**Work required:** Output the entries exactly as they appear. Pictures should not be included.

Stored data entries:
================
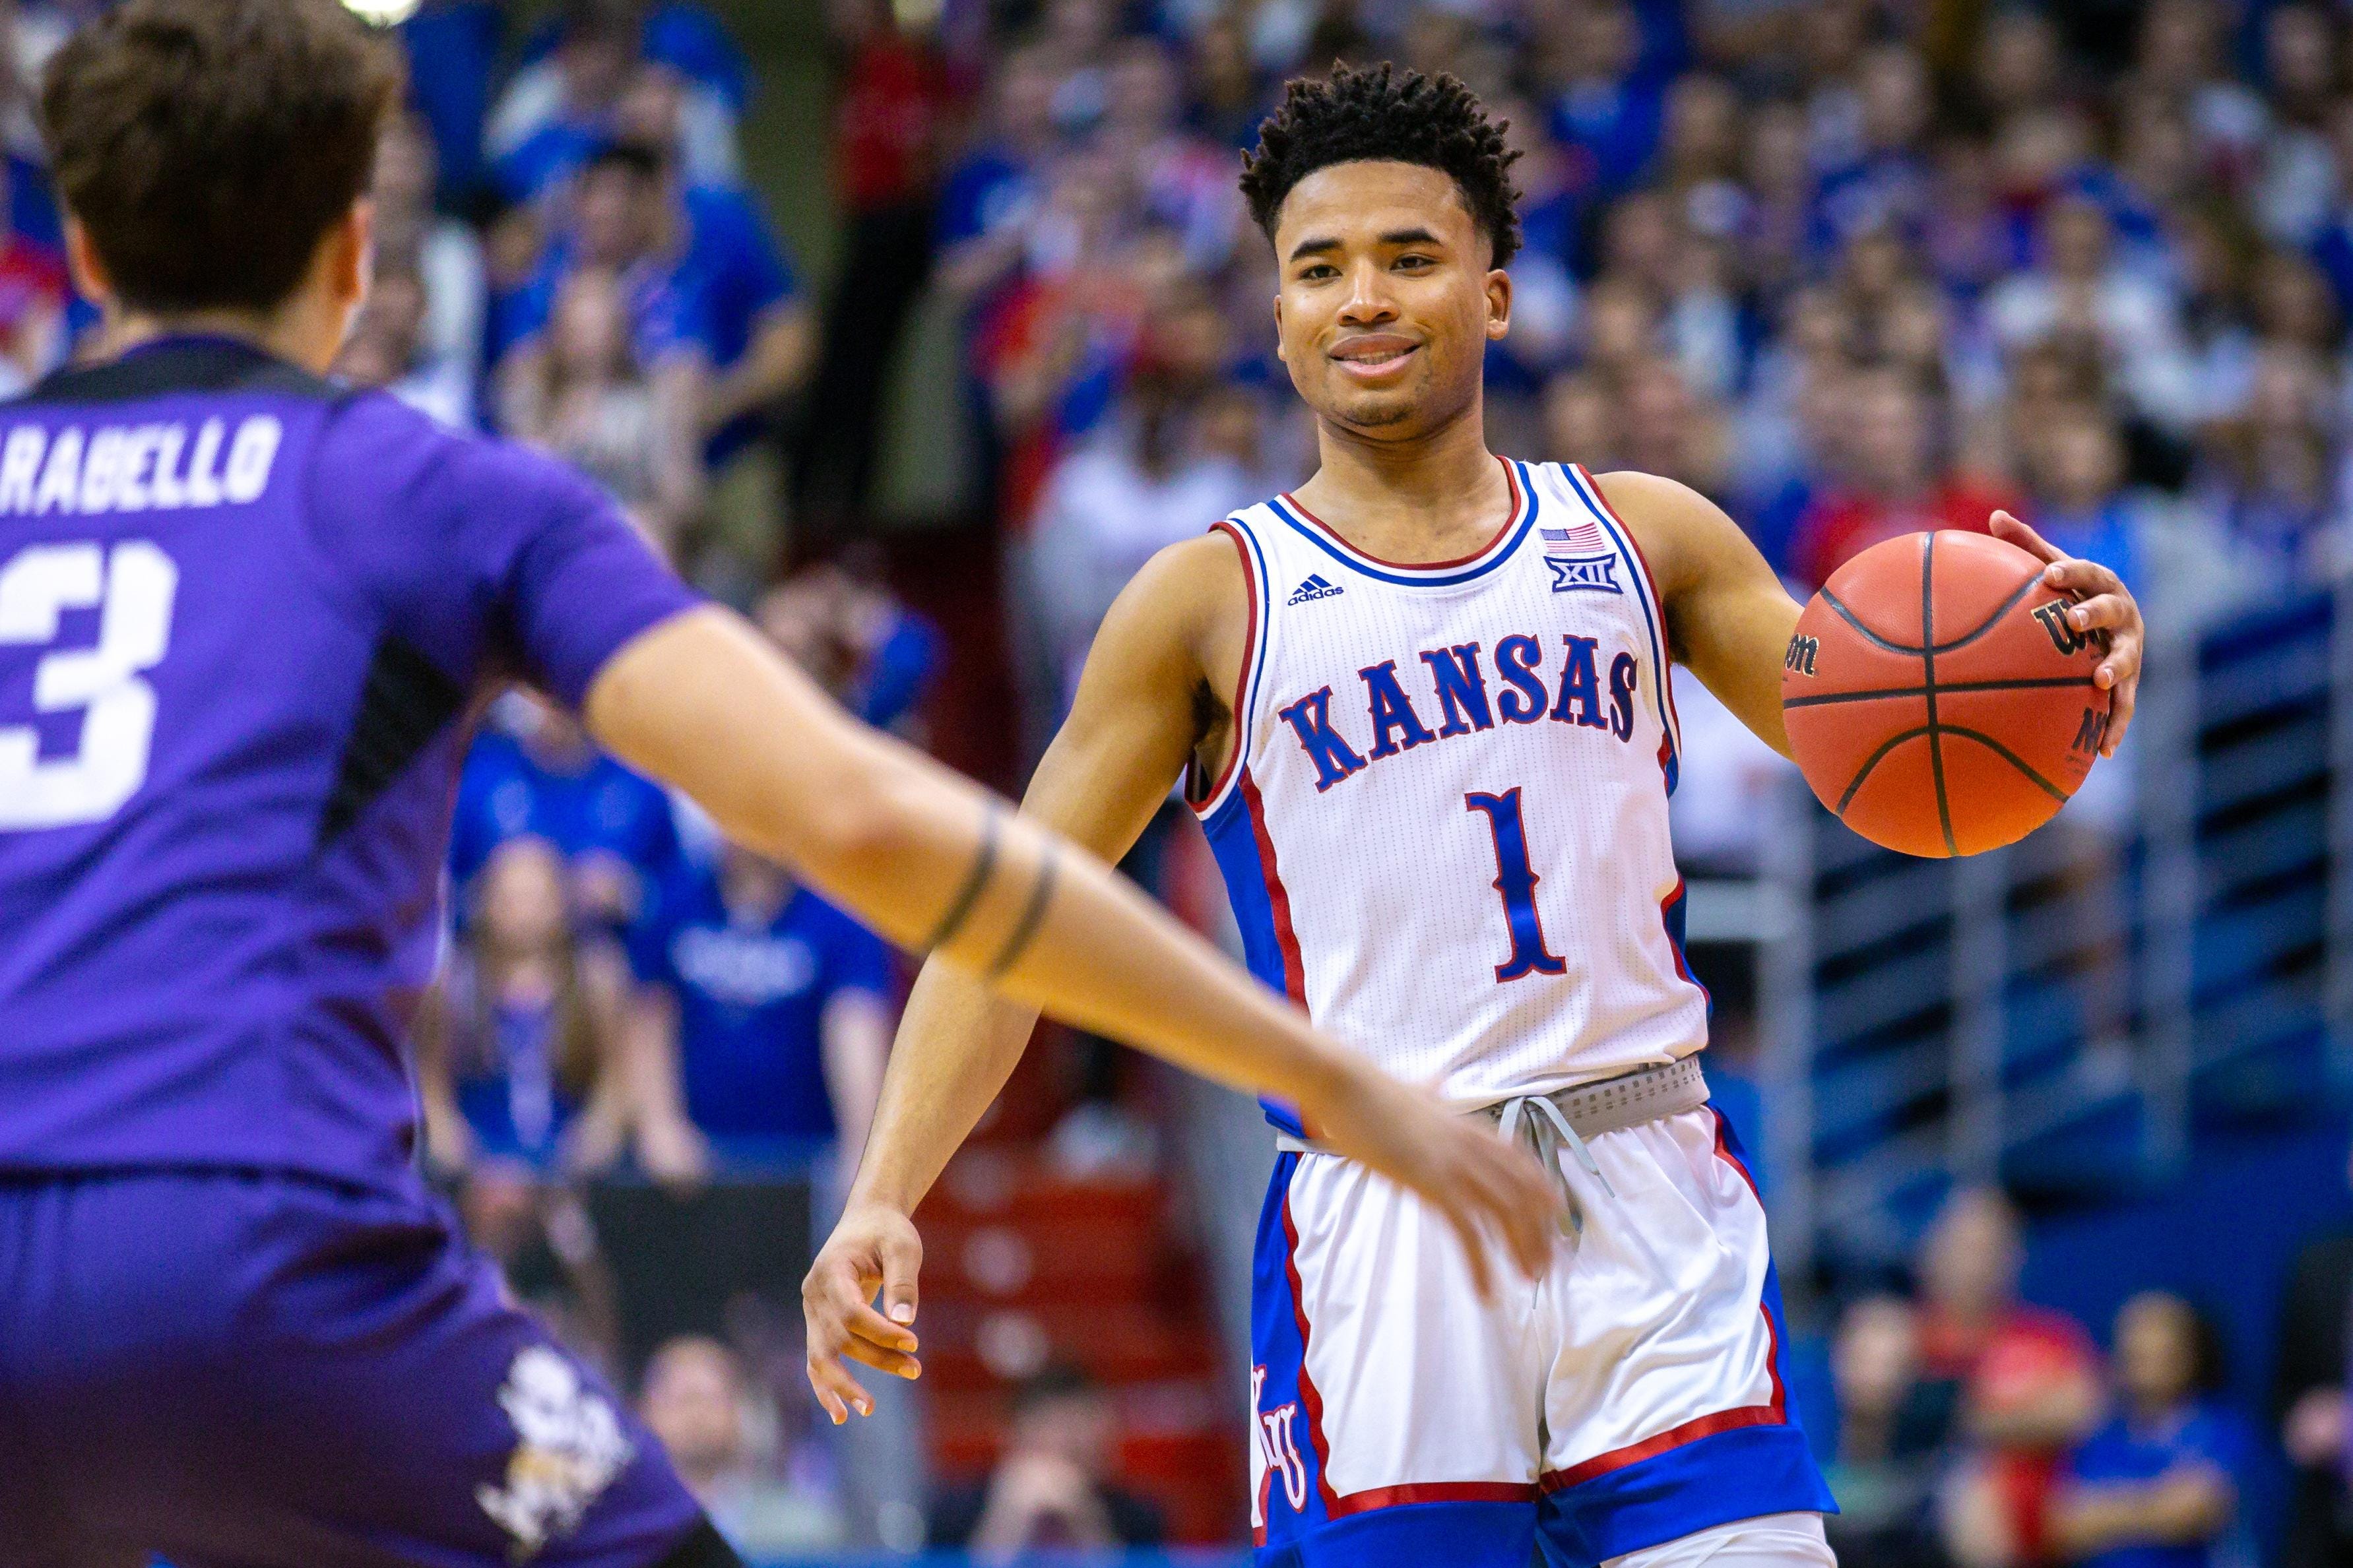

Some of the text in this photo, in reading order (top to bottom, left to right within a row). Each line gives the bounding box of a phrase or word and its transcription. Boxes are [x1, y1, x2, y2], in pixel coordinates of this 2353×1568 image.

[1287, 586, 1345, 606] adidas
[1278, 633, 1638, 794] KANSAS
[1464, 786, 1567, 984] 1
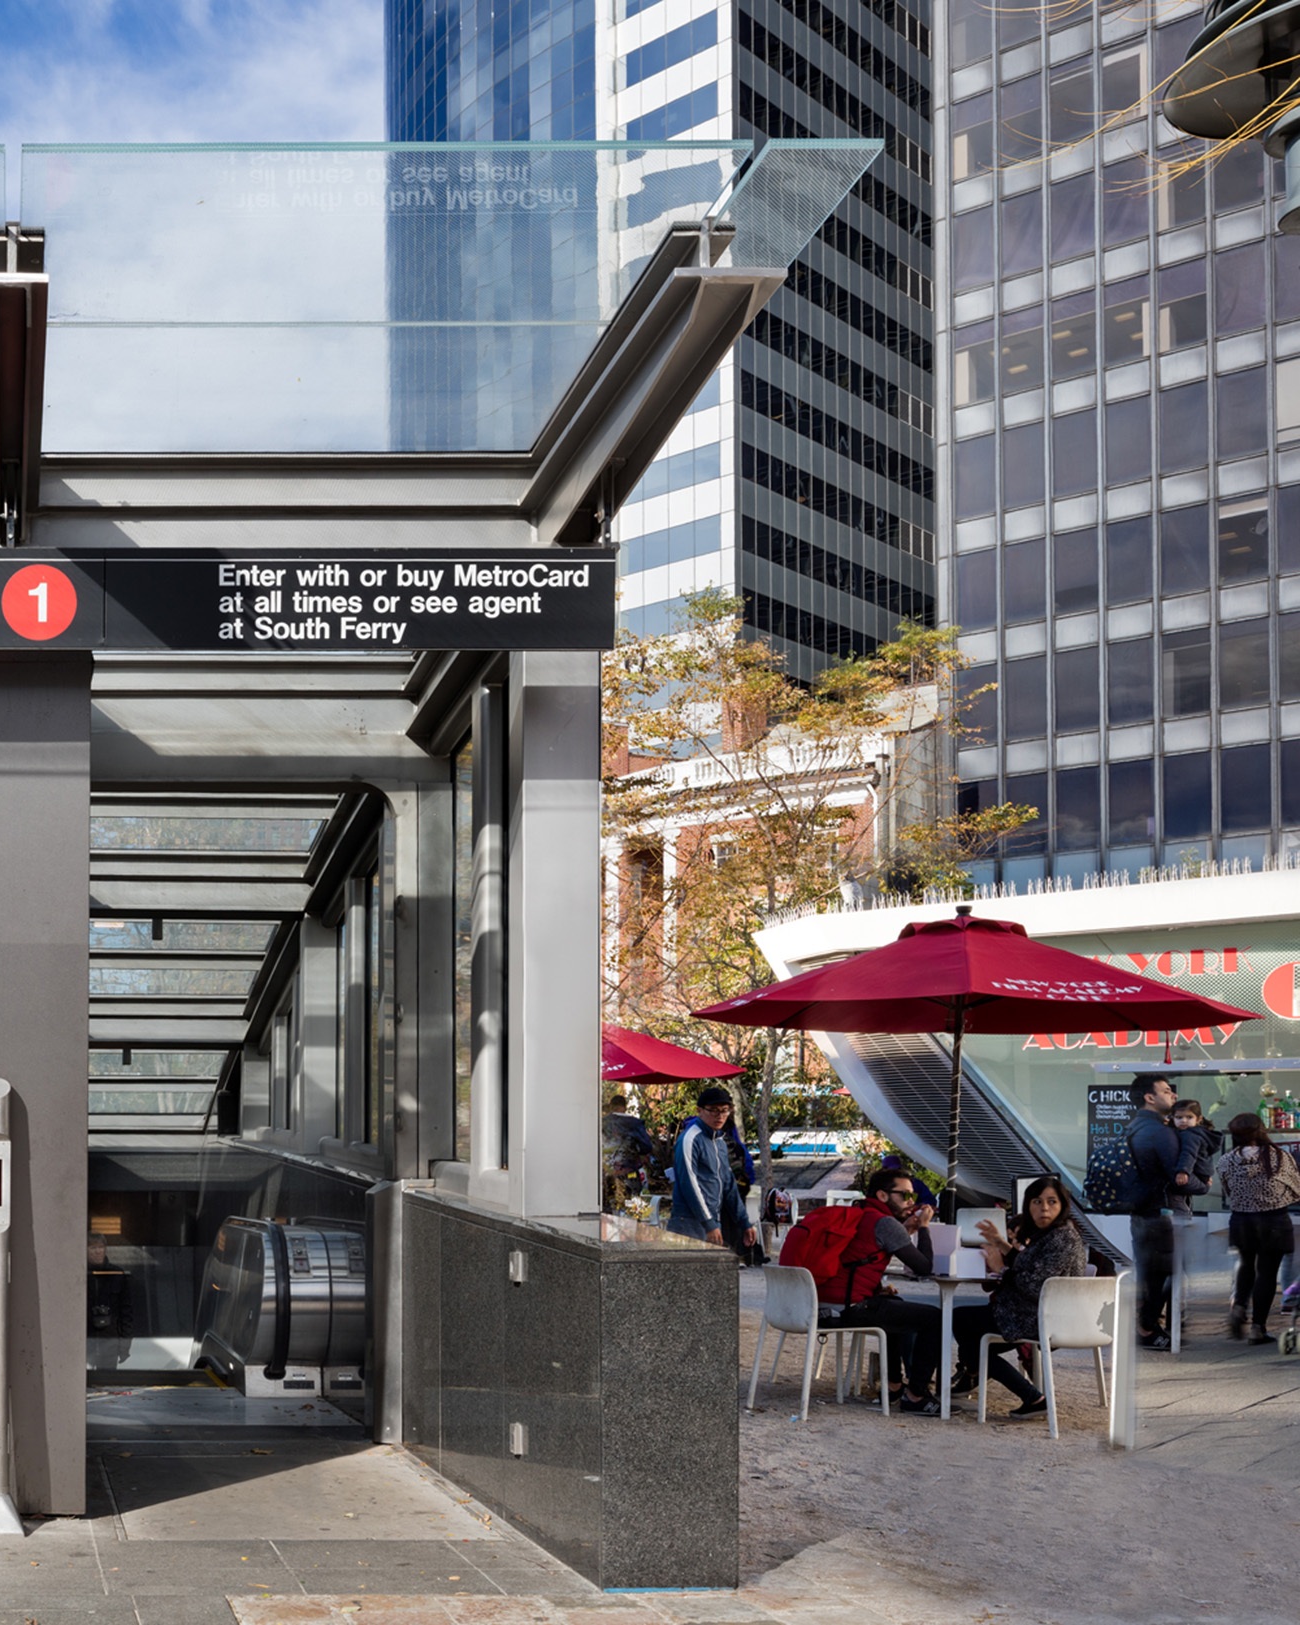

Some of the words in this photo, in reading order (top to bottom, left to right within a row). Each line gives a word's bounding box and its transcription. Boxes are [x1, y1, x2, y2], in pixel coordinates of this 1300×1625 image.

[218, 564, 287, 588] Enter
[295, 563, 350, 588] with
[359, 568, 388, 588] or
[396, 563, 445, 593] buy
[453, 563, 590, 588] MetroCard
[27, 582, 48, 623] 1
[218, 592, 244, 614] at
[253, 590, 283, 614] all
[291, 590, 363, 614] times
[372, 595, 401, 614] or
[410, 595, 459, 614] see
[467, 592, 542, 620] agent
[218, 617, 244, 640] at
[253, 615, 331, 641] South
[340, 616, 408, 645] Ferry
[1126, 945, 1255, 978] YORK
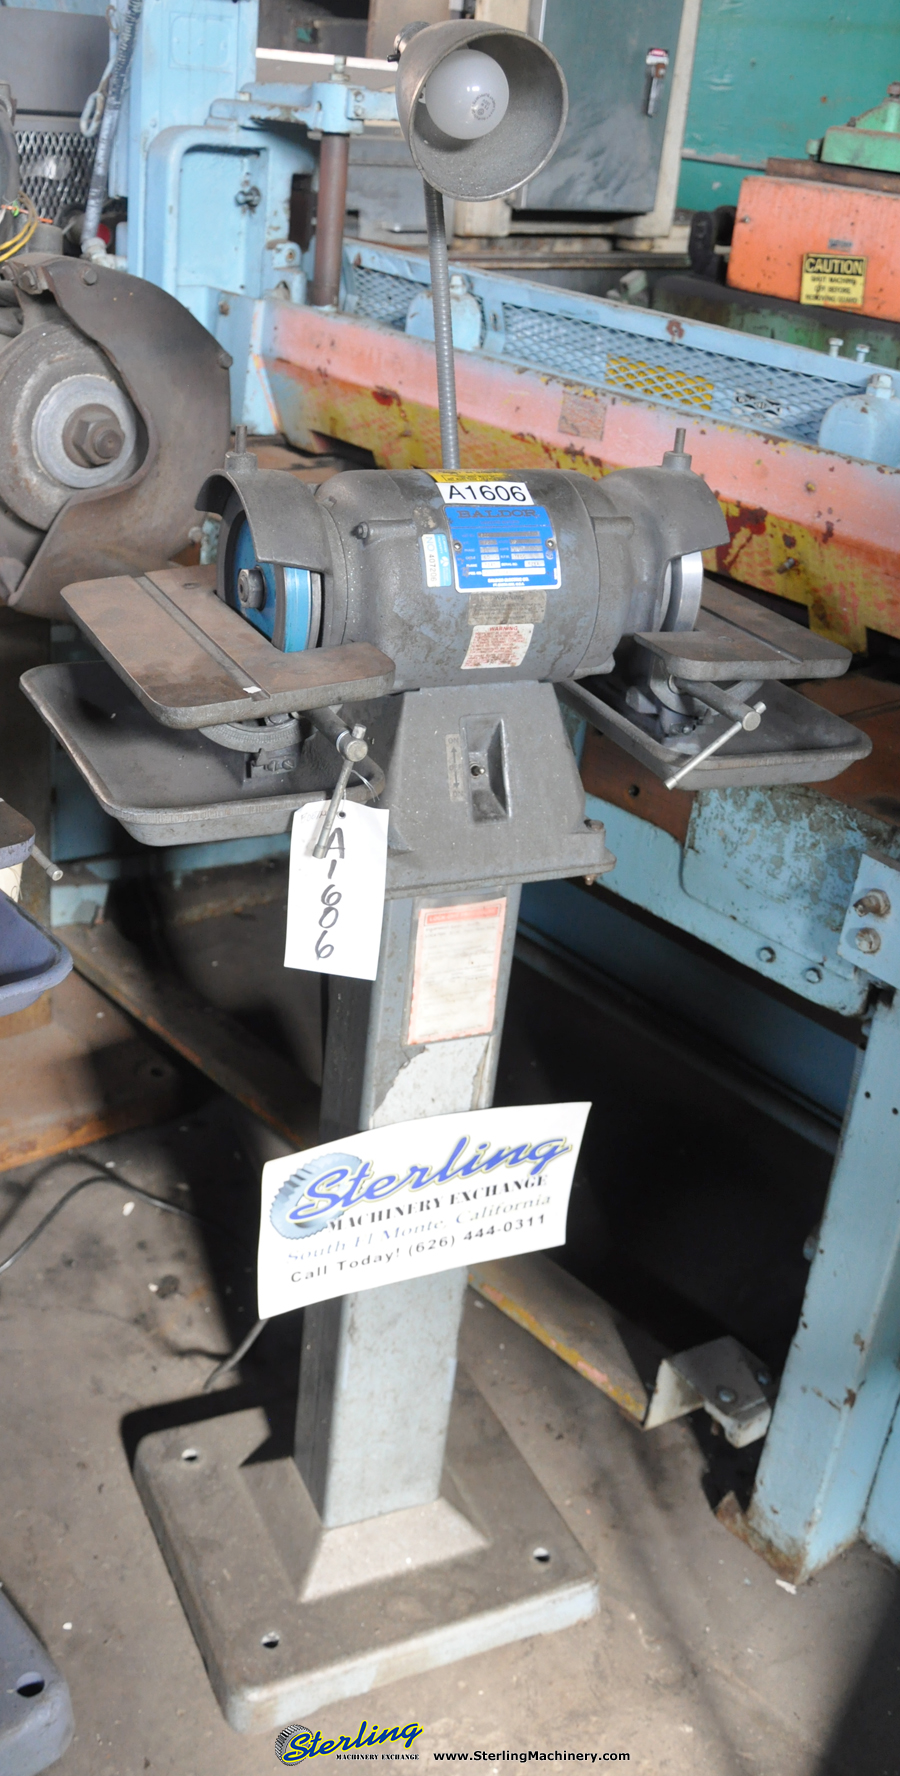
================
**Your solution:**
Some of the text in this photo, in reading order (top to bottom, left to right within a row). Each line gives the bounding box of a phrase or word and its transcription. Boxes are [x1, y1, x2, y2], in pixel coordinates of this 2353×1568 image.

[1287, 586, 1345, 606] adidas
[1278, 633, 1638, 794] KANSAS
[1464, 786, 1567, 984] 1

Some of the words in this photo, in reading order (top to bottom, left to right within a row). Each line gives a word's bounding box and its transcription. Boxes are [x1, y1, x2, y2], in pixel coordinates of this 1300×1625 image.

[218, 564, 287, 588] Enter
[295, 563, 350, 588] with
[359, 568, 388, 588] or
[396, 563, 445, 593] buy
[453, 563, 590, 588] MetroCard
[27, 582, 48, 623] 1
[218, 592, 244, 614] at
[253, 590, 283, 614] all
[291, 590, 363, 614] times
[372, 595, 401, 614] or
[410, 595, 459, 614] see
[467, 592, 542, 620] agent
[218, 617, 244, 640] at
[253, 615, 331, 641] South
[340, 616, 408, 645] Ferry
[1126, 945, 1255, 978] YORK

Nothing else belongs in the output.